* Try it
Without changing a word, repeat the data, and include no pictures.

* Source records
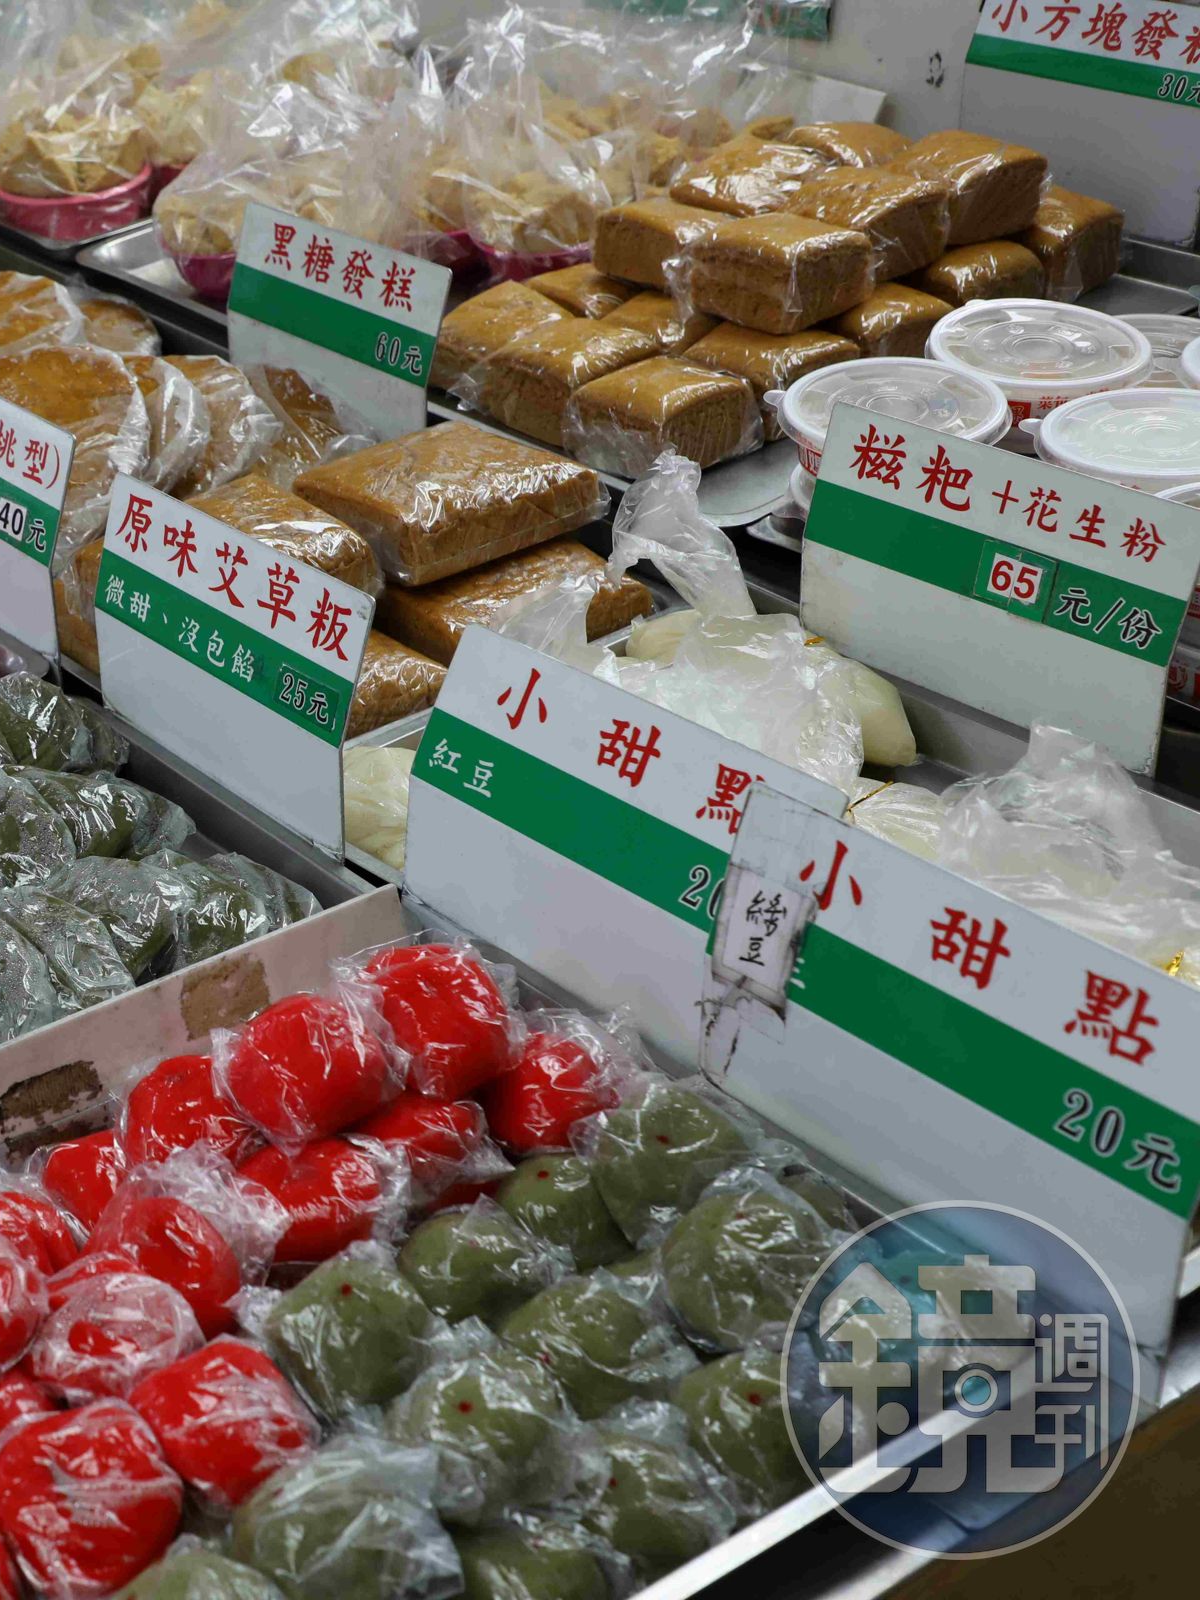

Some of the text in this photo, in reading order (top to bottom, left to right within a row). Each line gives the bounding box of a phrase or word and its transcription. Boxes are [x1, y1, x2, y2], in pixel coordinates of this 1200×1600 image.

[263, 221, 417, 313] 黑糖發糕
[375, 331, 423, 377] 60元
[278, 672, 330, 725] 25元
[427, 737, 495, 799] 紅豆
[799, 839, 1160, 1067] 小甜點
[1052, 1087, 1183, 1195] 20元

* Solution to the exercise
Some of the text in this photo, in reading order (top to bottom, left to right within a row). Each line gives the bounding box of a phrase or word and its transcription. Boxes are [x1, y1, x2, y2], in pixel coordinates of this 1200×1600 image.

[263, 221, 417, 313] 黑糖發糕
[375, 331, 423, 377] 60元
[278, 672, 330, 725] 25元
[427, 737, 495, 799] 紅豆
[799, 839, 1160, 1067] 小甜點
[1052, 1087, 1183, 1195] 20元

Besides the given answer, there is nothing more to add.